Entonces fue cuando Ofelia tuvo una epifanía sobre su destino, que parecía estar ligado a una tragedia clásica. Ella era la amante de Hamlet; su futuro no estaba escrito ni en las estrellas, ni en sus lunares. Nació para servir a un hombre y morir por y para él. Iba a ser la Ofelia de alguien que la relegaría a un segundo lugar, donde sus deseos nunca formaron parte de la ecuación. Ares, por tanto, sería el señor de su guerra; de su destrucción y su cautiverio. Ella, como el resto de mujeres del mundo, no necesitaba acudir a ninguna cruzada, porque la tenía en su día a día. Quiso llorar al visualizarse como la concibió Shakespeare: ahogada en un lago. Toda una vida erigida con el propósito de ser un personaje prescindible.
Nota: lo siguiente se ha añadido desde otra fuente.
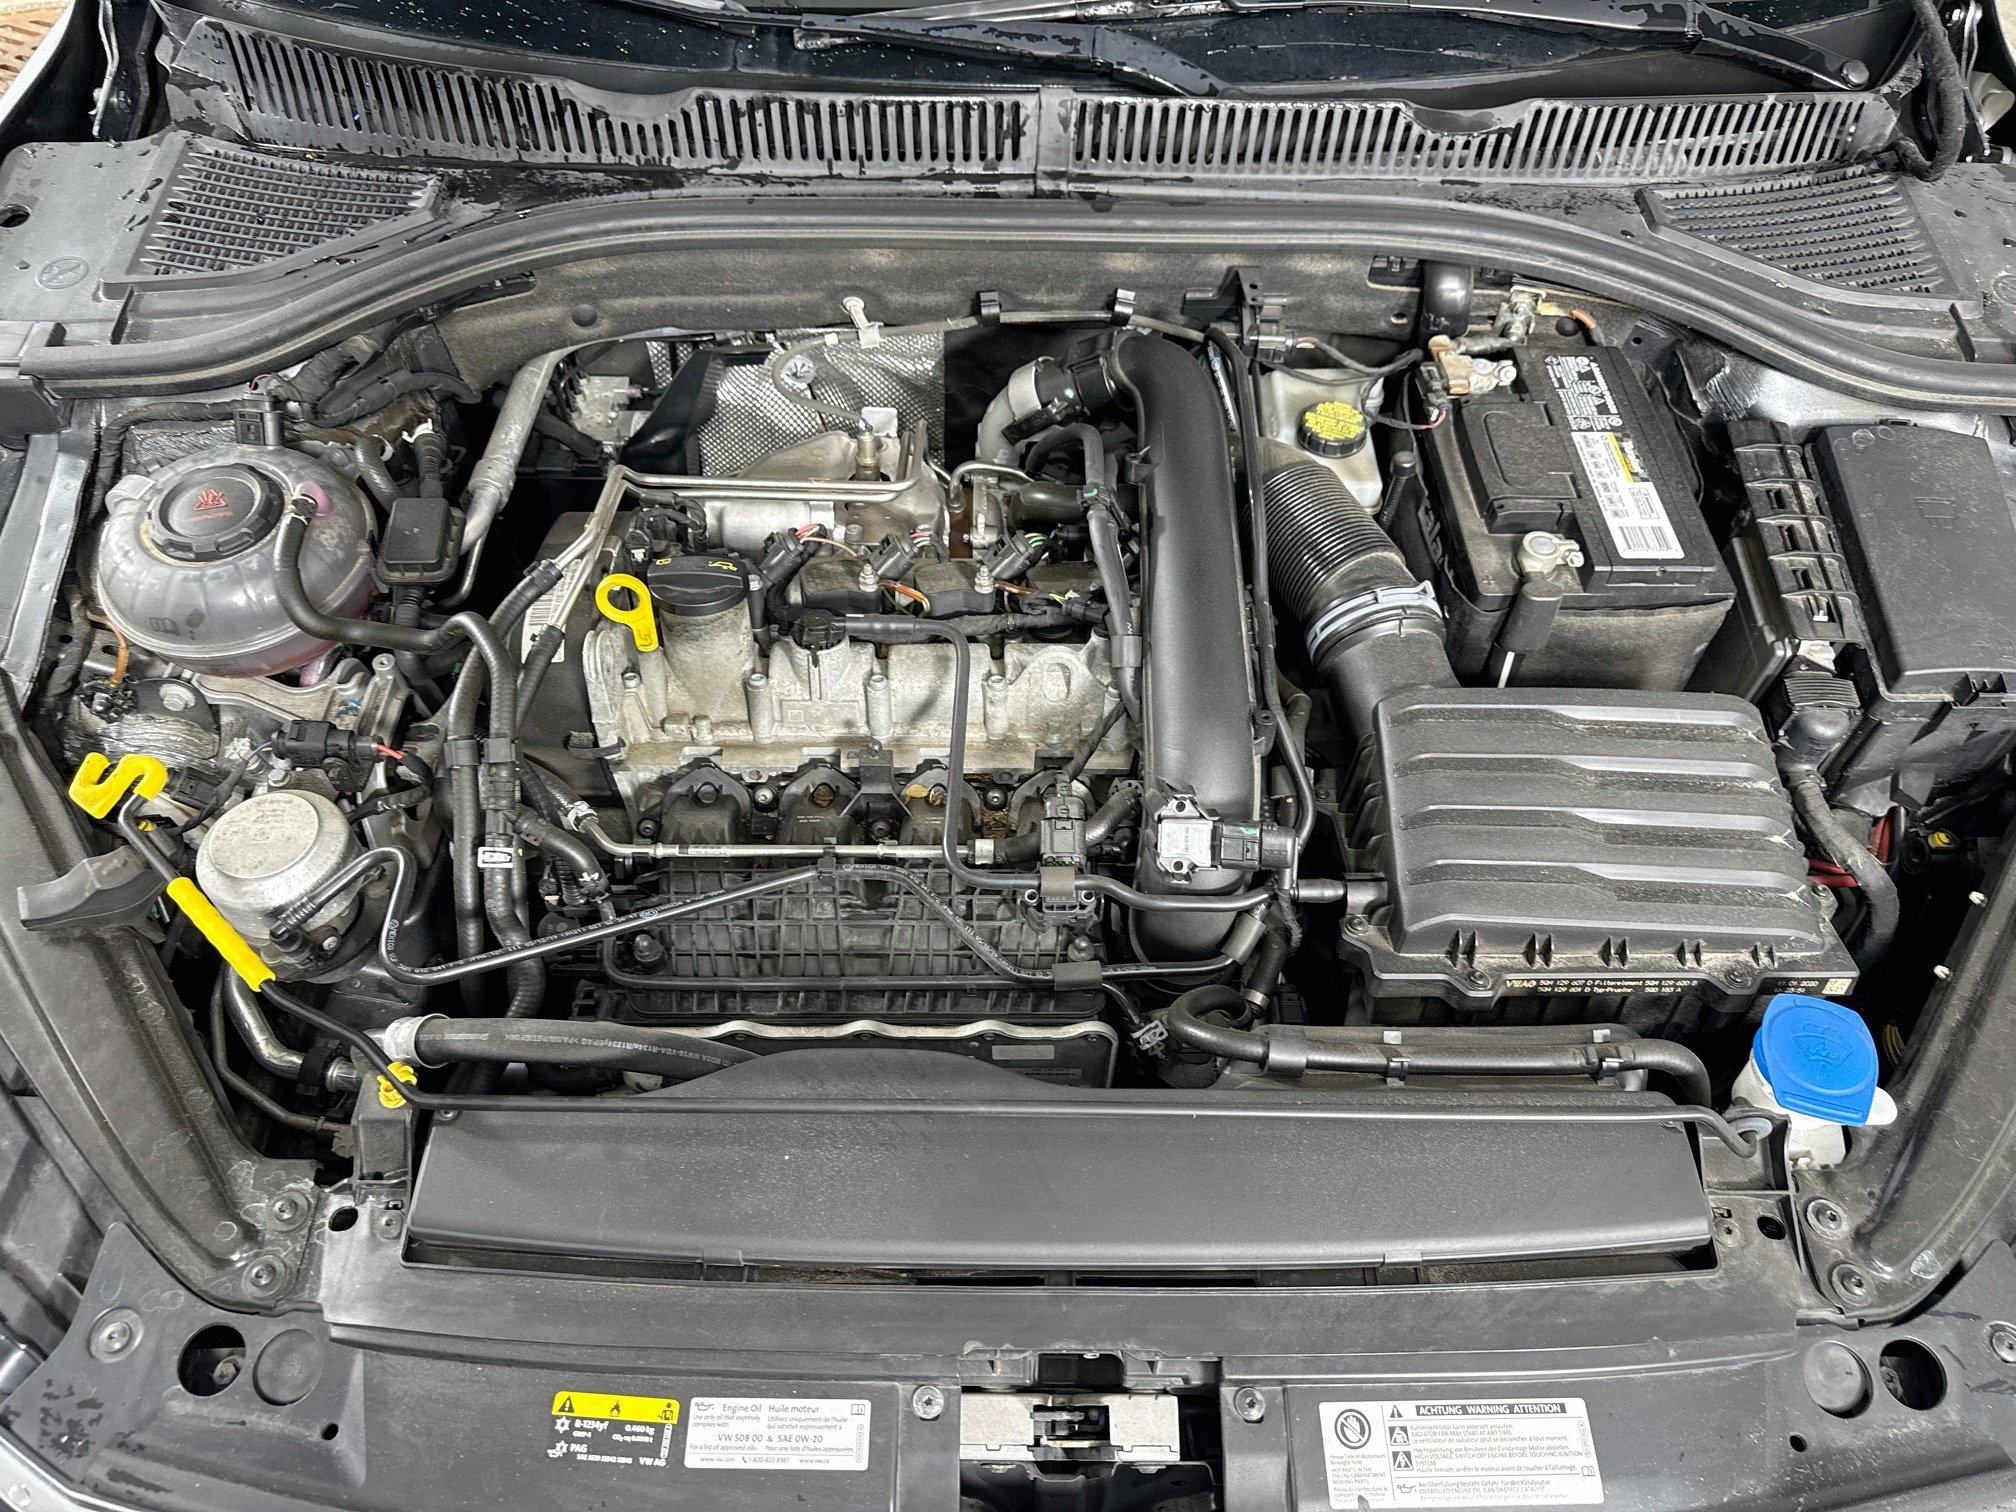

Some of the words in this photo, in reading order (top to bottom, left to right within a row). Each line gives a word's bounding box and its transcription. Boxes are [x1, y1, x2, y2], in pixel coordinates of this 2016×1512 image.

[722, 1403, 749, 1414] Engine
[750, 1403, 762, 1412] Oil
[768, 1404, 789, 1413] Huile
[790, 1405, 820, 1413] moteur
[1419, 1405, 1463, 1415] ACHTUNG
[1466, 1404, 1510, 1415] WARNING
[1513, 1403, 1562, 1414] ATTENTION
[704, 1414, 715, 1422] only
[574, 1419, 609, 1432] R-1234yf
[692, 1421, 716, 1429] complies
[766, 1423, 776, 1431] qui
[645, 1425, 655, 1436] kg
[1463, 1429, 1478, 1437] START
[718, 1433, 733, 1442] VW
[734, 1433, 750, 1442] 508
[751, 1434, 763, 1442] 00
[777, 1434, 793, 1443] SAE
[794, 1435, 823, 1443] 0W-20
[569, 1443, 588, 1453] PAG
[720, 1444, 746, 1452] approved
[639, 1457, 653, 1465] VW
[653, 1458, 667, 1467] AG
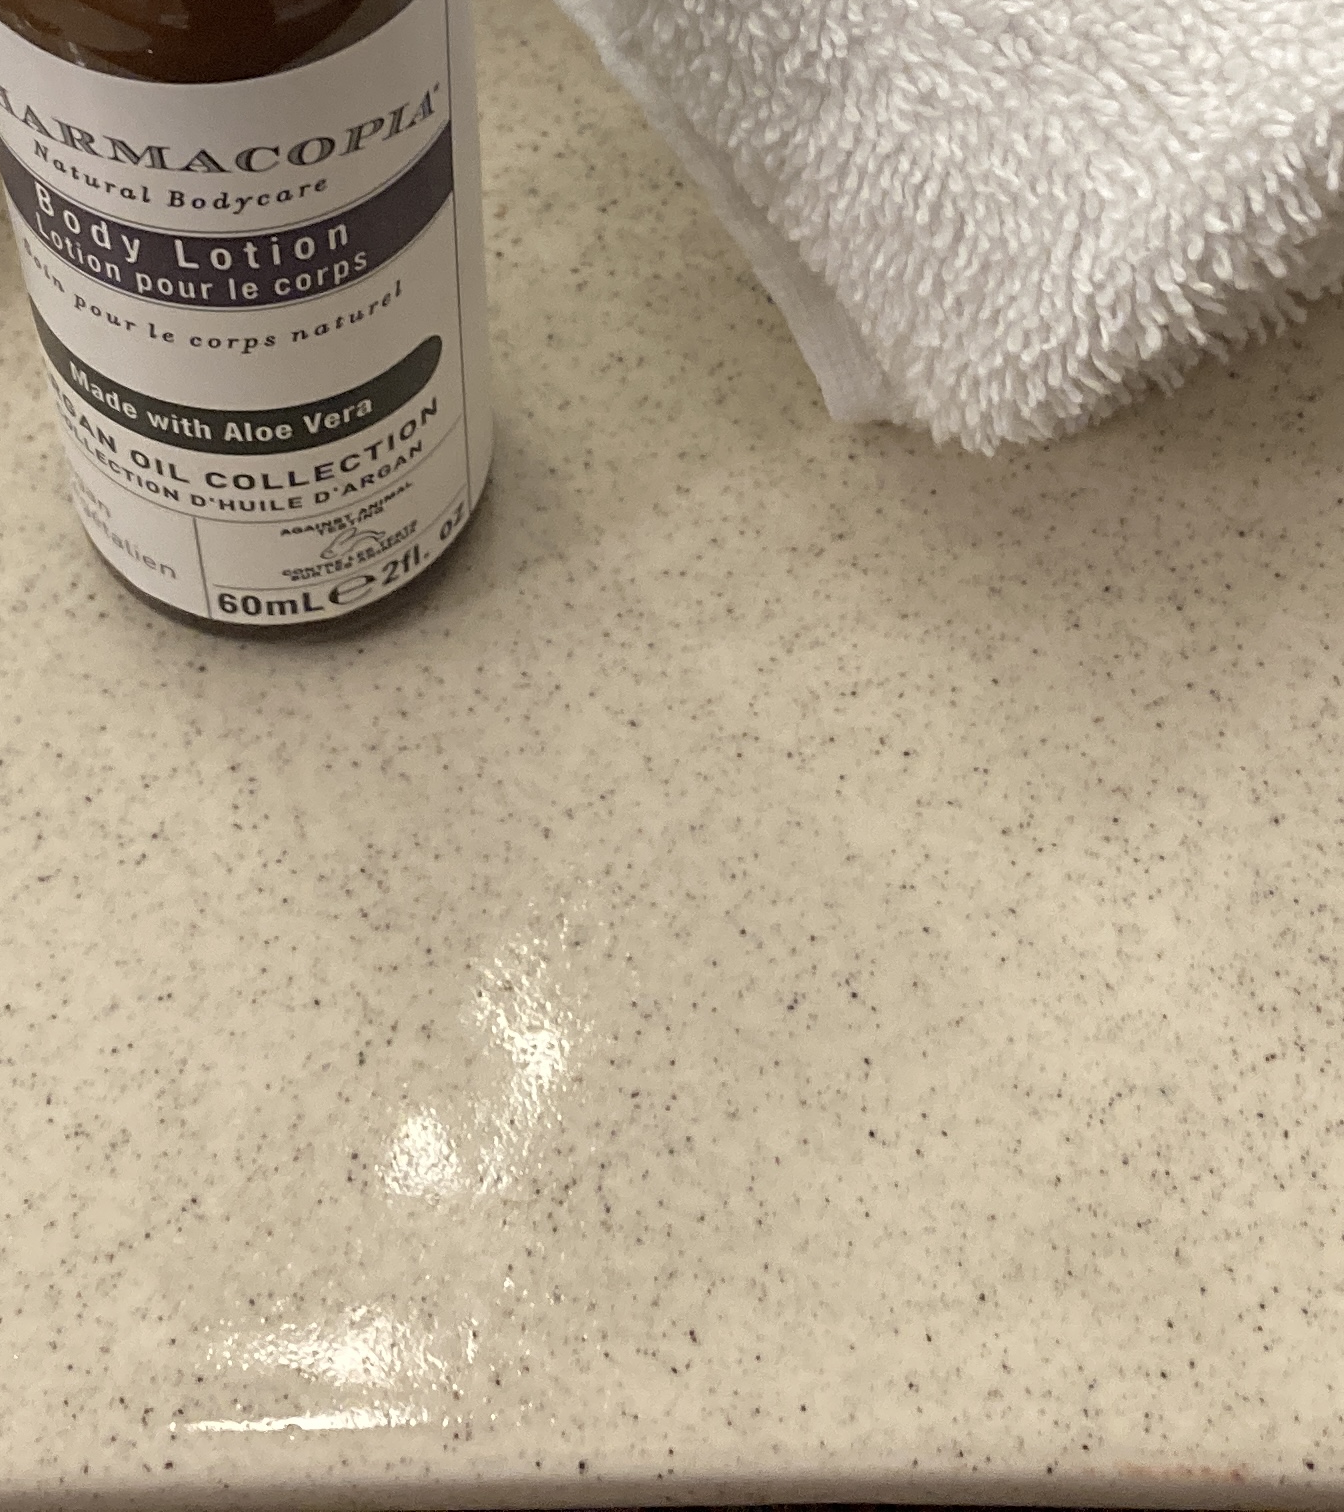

En el marrón arcilla de sus ojos, crecieron girasoles. Ofelia quería diferenciarse de su yo vulnerable, que tanto había visto que pintaban en cuadros barrocos hundida bajo el mar. Así que tomó aire y le dijo que no. Hizo acopio de todas sus fuerzas para quitárselo de encima con una patada en el estómago. Ares, señor de lo belicista, emitió un quejido de dolor. Aprovechó entonces Drusilda para ponerse delante y escudar a su compañera. Ofelia tomó un jarrón lleno de agua y margaritas, que estampó en la cabeza de su Hamlet. Ya no más, quiso decirle con la boca cerrada.

Cayó el cuerpo al suelo, inerte. Tenía el cabello mojado, como si el destino quisiera mostrarles lo bonitos que se verían sus rizos húmedos sobre el cauce de un río. Y así lo imaginaron: sepultado donde nadie jamás lo pudiera encontrar. A aquel Ares, reencarnado en Hamlet, le había llegado su San Martín. Y Ofelia no tendría que sufrir las consecuencias de pertenecerle, como tanto ocurrió en historias pasadas. Lo que siempre había necesitado era reinventarse como alguien distinta: descubrir que en aquella ocasión no había sido ella la destinada a perecer bajo el mar. Las tornas habían cambiado y ya no estaba tan indefensa como tanto la concibieron los demás.